Summer vacation isn’t what it used to be. Beach trips, pool days, and theme park trips aren’t the only activities filling weeks outside the classroom.
Instead, teachers and students mix work with play, taking advantage of summer programs that augment their knowledge of science, technology, engineering, and math (STEM). Through hands-on experiences, teachers learn better strategies for instructing students, and students see science touches most aspects of everyday life.
In fact, said Lisa Rhoades, senior program associate at the North Carolina Science, Mathematics, and Technology Education Center, summer STEM programs make science a real-life adventure.
“Teachers might not teach 12 months, but they do look for opportunities to refine their practice and learn new strategies,” she said. “Additionally, students stay engaged and avoid summer learning loss.
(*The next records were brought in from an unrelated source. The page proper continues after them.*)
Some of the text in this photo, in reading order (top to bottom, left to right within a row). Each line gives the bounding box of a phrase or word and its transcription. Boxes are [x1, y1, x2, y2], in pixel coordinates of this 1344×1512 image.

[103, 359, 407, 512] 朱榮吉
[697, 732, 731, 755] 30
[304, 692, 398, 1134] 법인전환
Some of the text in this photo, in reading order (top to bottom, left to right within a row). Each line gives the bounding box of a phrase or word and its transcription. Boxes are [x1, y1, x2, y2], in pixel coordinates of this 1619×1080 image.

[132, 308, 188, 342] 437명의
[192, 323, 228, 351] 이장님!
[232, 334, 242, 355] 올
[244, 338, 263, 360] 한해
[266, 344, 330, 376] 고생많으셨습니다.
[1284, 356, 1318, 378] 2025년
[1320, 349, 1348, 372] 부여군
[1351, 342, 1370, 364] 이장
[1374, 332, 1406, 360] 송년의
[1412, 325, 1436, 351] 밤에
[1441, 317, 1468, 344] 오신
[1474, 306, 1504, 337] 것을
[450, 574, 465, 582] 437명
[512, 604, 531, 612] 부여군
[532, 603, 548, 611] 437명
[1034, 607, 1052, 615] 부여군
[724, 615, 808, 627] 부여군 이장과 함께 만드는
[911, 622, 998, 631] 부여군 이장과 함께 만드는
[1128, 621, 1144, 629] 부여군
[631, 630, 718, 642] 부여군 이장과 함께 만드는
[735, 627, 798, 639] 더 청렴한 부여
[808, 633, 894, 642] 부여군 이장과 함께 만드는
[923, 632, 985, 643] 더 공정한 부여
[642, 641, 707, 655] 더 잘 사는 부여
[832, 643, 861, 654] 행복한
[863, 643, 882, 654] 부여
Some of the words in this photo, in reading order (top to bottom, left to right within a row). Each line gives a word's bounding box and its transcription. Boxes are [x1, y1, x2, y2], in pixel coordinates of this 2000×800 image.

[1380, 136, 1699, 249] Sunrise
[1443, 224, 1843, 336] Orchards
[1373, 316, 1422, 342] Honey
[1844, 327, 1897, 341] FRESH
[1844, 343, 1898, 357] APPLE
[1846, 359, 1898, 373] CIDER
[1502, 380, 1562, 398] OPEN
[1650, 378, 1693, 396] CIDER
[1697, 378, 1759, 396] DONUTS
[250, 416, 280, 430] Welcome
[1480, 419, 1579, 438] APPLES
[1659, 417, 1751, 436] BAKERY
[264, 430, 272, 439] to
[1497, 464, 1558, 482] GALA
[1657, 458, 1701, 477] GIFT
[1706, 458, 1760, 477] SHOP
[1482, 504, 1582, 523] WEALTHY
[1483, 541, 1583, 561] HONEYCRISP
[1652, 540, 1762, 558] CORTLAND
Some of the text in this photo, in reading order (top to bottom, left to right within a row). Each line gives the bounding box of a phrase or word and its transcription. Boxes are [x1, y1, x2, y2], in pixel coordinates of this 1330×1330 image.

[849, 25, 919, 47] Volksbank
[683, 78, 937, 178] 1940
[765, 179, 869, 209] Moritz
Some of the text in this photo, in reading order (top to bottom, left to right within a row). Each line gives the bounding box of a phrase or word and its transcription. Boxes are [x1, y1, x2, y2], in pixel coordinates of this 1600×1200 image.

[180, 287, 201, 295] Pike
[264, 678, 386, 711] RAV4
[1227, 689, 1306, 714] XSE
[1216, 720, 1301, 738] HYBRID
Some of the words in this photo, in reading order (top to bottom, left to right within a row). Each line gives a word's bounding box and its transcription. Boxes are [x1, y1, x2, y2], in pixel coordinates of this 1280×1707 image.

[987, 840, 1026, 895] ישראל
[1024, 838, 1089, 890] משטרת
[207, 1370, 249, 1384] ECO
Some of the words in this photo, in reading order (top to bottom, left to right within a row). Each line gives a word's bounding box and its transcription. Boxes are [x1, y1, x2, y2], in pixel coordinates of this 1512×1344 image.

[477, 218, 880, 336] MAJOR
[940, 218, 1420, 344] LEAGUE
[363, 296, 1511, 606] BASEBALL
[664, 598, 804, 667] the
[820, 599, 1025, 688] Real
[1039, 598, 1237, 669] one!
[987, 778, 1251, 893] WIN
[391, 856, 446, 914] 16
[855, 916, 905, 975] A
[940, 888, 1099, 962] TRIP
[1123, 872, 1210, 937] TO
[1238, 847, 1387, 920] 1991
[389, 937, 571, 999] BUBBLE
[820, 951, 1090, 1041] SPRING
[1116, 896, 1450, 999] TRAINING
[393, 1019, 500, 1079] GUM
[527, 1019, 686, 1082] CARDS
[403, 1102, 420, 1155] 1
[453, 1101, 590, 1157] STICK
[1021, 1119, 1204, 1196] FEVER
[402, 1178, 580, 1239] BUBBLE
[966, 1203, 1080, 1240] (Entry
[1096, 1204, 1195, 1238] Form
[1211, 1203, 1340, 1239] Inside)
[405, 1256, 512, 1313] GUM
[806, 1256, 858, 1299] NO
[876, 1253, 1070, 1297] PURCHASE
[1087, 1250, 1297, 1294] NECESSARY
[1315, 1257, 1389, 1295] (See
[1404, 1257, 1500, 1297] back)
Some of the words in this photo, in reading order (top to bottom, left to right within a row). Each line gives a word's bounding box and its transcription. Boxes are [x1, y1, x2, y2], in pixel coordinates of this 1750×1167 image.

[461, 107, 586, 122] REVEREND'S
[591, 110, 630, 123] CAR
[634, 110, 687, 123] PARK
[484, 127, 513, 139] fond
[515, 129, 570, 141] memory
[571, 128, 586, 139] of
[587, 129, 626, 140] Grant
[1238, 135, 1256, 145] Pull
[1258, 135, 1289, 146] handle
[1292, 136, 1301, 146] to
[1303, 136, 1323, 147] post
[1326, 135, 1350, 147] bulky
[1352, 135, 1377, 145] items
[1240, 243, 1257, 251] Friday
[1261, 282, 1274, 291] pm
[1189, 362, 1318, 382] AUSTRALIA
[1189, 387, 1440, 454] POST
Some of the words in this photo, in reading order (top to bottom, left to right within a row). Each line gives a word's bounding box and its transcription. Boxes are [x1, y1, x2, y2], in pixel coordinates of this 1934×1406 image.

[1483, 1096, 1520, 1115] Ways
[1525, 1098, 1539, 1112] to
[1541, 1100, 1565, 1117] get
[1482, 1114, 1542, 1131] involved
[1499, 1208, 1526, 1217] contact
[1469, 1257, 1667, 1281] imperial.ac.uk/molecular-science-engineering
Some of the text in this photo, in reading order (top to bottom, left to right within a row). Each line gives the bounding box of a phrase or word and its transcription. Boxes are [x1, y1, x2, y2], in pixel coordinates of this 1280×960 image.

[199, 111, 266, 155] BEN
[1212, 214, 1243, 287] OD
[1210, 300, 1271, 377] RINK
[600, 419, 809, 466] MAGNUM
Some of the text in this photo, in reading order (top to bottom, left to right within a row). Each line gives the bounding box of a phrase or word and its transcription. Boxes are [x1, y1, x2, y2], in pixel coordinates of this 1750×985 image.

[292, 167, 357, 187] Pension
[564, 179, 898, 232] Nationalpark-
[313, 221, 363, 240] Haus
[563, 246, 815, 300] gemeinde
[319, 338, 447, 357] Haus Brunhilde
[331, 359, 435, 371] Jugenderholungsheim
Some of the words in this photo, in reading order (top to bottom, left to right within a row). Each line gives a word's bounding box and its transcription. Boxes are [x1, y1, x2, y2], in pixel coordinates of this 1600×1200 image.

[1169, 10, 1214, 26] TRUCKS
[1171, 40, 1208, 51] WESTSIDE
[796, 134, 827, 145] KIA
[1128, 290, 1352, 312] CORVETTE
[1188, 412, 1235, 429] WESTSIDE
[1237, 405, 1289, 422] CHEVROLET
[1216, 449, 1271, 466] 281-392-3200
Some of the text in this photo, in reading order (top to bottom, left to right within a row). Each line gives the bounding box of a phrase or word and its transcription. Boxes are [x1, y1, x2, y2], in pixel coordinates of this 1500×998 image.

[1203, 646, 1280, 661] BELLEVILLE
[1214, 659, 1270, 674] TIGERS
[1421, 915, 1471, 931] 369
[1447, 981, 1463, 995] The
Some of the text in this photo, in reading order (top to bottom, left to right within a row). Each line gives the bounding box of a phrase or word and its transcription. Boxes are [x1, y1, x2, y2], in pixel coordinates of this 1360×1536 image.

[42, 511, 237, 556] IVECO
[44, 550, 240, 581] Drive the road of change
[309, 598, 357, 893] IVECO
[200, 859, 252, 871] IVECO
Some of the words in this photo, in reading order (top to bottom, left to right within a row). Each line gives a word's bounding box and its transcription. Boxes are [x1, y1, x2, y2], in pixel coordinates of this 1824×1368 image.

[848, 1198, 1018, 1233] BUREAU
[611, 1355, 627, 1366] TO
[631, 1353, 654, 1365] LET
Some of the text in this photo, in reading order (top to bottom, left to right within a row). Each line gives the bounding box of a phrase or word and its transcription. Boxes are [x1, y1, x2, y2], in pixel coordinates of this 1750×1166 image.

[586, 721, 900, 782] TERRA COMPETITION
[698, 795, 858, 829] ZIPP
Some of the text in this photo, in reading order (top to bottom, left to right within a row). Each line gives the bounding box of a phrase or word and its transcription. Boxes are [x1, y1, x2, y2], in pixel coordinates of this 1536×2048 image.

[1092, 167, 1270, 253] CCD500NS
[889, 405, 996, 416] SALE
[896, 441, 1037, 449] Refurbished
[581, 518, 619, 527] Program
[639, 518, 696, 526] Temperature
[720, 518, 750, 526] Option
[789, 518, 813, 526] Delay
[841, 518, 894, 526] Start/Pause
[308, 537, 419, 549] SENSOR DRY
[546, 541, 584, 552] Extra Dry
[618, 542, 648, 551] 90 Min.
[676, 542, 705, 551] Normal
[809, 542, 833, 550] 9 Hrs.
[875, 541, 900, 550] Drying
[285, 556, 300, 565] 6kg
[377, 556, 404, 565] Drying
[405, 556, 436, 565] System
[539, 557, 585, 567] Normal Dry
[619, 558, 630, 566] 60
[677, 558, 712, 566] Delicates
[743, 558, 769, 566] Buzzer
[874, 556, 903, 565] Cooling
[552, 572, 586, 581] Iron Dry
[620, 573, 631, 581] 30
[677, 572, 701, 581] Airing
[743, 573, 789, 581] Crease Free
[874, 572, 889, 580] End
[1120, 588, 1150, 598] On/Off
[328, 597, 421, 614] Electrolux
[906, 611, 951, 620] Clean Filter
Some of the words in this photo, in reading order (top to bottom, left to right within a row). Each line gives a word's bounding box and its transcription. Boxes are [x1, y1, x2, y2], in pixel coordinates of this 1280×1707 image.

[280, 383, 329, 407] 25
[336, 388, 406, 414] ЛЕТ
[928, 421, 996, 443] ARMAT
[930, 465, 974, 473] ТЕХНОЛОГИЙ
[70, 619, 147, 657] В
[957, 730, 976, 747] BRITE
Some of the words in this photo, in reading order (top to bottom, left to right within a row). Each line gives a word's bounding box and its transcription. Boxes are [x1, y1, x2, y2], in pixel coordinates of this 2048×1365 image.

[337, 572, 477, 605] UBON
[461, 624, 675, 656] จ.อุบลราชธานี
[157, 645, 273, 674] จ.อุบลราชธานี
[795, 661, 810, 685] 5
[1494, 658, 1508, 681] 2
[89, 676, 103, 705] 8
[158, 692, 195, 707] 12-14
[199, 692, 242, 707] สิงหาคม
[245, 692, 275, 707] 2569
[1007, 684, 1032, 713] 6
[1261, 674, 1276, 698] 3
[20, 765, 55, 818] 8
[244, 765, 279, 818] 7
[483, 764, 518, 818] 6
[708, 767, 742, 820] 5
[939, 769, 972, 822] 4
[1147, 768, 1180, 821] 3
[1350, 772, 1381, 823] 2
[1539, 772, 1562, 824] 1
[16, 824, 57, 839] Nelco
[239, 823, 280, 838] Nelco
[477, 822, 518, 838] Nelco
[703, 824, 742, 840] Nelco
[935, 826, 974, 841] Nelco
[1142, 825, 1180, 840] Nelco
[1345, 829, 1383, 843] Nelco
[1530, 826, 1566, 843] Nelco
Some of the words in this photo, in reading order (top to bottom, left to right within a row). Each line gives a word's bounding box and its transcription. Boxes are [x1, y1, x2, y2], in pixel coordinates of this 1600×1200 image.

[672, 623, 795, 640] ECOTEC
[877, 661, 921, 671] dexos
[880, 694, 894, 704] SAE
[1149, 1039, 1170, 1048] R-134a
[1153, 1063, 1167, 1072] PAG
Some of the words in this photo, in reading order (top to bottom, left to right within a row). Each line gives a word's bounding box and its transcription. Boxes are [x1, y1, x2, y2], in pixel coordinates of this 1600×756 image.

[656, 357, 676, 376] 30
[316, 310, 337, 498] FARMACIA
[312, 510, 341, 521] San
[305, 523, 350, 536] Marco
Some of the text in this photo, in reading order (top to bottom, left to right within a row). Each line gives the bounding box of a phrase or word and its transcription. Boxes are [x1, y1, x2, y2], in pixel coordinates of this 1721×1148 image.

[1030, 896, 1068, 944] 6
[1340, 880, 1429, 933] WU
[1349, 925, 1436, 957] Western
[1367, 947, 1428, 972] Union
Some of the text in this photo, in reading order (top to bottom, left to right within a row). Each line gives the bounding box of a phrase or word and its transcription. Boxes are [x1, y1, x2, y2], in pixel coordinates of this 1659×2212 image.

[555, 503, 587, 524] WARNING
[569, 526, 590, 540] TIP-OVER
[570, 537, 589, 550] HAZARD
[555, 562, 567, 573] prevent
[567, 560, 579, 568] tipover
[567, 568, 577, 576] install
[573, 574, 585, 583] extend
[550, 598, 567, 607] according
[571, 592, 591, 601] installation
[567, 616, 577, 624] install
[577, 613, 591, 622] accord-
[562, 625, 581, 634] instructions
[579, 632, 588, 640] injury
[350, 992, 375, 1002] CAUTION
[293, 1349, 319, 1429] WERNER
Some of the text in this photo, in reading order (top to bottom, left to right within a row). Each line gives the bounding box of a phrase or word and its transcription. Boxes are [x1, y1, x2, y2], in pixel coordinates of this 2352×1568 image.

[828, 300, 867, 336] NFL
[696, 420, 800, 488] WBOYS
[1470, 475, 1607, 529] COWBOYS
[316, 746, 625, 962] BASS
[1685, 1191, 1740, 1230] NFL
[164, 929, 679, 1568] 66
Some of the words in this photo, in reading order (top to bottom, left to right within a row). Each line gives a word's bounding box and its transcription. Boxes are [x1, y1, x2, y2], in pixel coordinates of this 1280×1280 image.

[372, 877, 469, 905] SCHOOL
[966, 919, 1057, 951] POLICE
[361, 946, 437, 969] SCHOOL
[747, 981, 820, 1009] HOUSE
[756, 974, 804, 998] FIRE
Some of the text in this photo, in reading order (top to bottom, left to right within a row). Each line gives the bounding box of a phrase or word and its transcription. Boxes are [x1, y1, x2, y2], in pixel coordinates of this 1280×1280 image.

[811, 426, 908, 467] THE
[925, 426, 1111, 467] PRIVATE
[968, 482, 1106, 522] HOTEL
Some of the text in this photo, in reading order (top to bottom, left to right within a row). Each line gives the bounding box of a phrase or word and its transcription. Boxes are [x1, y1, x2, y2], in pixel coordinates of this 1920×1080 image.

Summer programs give them unique experiences not found in school.”
North Carolina offers several programs for both groups.
Examples for teachers and students are listed below.
These programs focus on giving teachers new instructional strategies. In most instances, the programs take place in the field.
Based at Western Carolina University in Cullowhee, N.C., the Center for Advancement In Teaching helps public school teachers master new classroom tactics to improve how they introduce science topics.
Among other programs, teachers can attend a four-day event in Ocracoke called Using Coastal Ecosystems to Enhance the Study of High School Biology. During the program, they partner with biologists and science experts to create lesson plans and demonstrations for high school students rooted in hands-on work with carbon/nitrogen cycles, energy pyramids, and biochemical processes in ecosystems.
During this three five-week summer internship teachers work with mentors in research and applied STEM settings, developing their STEM knowledge and leadership skills. The program is open to elementary-to-high school teachers.
Topics open to teachers are almost endless, including engineering, biology, chemistry, or materials science. At program’s end, teachers leave with a quiver full of ideas on making science more relatable to students.
Charlotte-Mecklenburg elementary teacher Philip Carey said he will take his innovation experience with Hyde Park Partners into his 4th-grade classroom.
“I instantly drew parallels between the work Hyde Park does in its engineering innovation chamber with the work I want my students to do in my classroom,” he said. “I want my students to fail fast, fail cheap, improve, and try again. I can’t wait to tell my students the work they’re doing is truly preparing them for the world outside.”
Part of the WakeEd Partnership, SummerSTEM gives up to 100 teachers hands-on experience, bringing real-world lessons into the classroom. Each school can send two educators.
Program leaders pair teachers with existing STEM companies, such as Biogen, LORD Corporation, RedHat, and SAS, putting them in STEM career positions. The interactive experience has teachers working with mentors in the field. Simultaneously, teachers sharpen their own skills, and mentors help them refine units of study and classroom lesson plans.
Ultimately, educators make a presentation at a STEM Symposium, much like a science fair.
Designed to help students maintain and enhance their knowledge, these programs also send students into the field for first-hand experiences.
SSEP @ Eastern Carolina University
Part of Burroughs Wellcome Fund’s Student Science Enrichment Program (SSEP), this year, Eastern Carolina University hosted a program for Greene County students who would be the first in their families to attend college. Being paired with a mentor with similar science or engineering interests boosted their excitement about and confidence in their research skills.
This year, Savyone Best, a junior at Greene Central High School designed a water-conserving shower head with teammates. They developed the concept from blueprints-to-production and received tips from professors about how to improve their product in the future.
Senior Evita Enrique echoed that enthusiasm, adding the endeavor prepared her for the next academic step.
“My experience with the SSEP program at ECU was amazing! I learned many skills, such as the process of electrophoresis, the process of inserting DNA into a plant, amongst other things,” she said. “This program not only helps students better understand the fundamentals of STEM, but it also exposes you to a whole new environment of college life.”
Located in Raleigh, SMILE (Science and Math Interactive Learning Experience) Camp provides hands-on interactions to elementary-to-high school students. The program offers 10 week-long camps for children ages 7-to-18.
Elementary school students learn how and why things work as they do, touching on chemistry, physics, and materials engineering while working with gears, magnets, and electricity.
Projects are more complex for middle school students. They tackle 3D modeling, rocketry, and mobile app development, working with metallic crystals, redox reactions, and liquid nitrogen.
High school students design and build their own machines. In the past, participants built an internal combustion engine.
This camp supports the push for more girls to enter STEM fields. Hosted by Duke University, this program, for rising 5th- and 6th-grade girls, brings participants on campus for hands-on activities led by undergraduate and graduate female counselors and mentors.
During the five-day program, 50 girls engage in research activities based on a theme. Through last year’s forensic science theme, they learned about fingerprint analysis, DNA extraction from cheek cells, blood splatter analysis, footprint impressions, and powder analysis. Participants also toured other research projects and facilities on campus.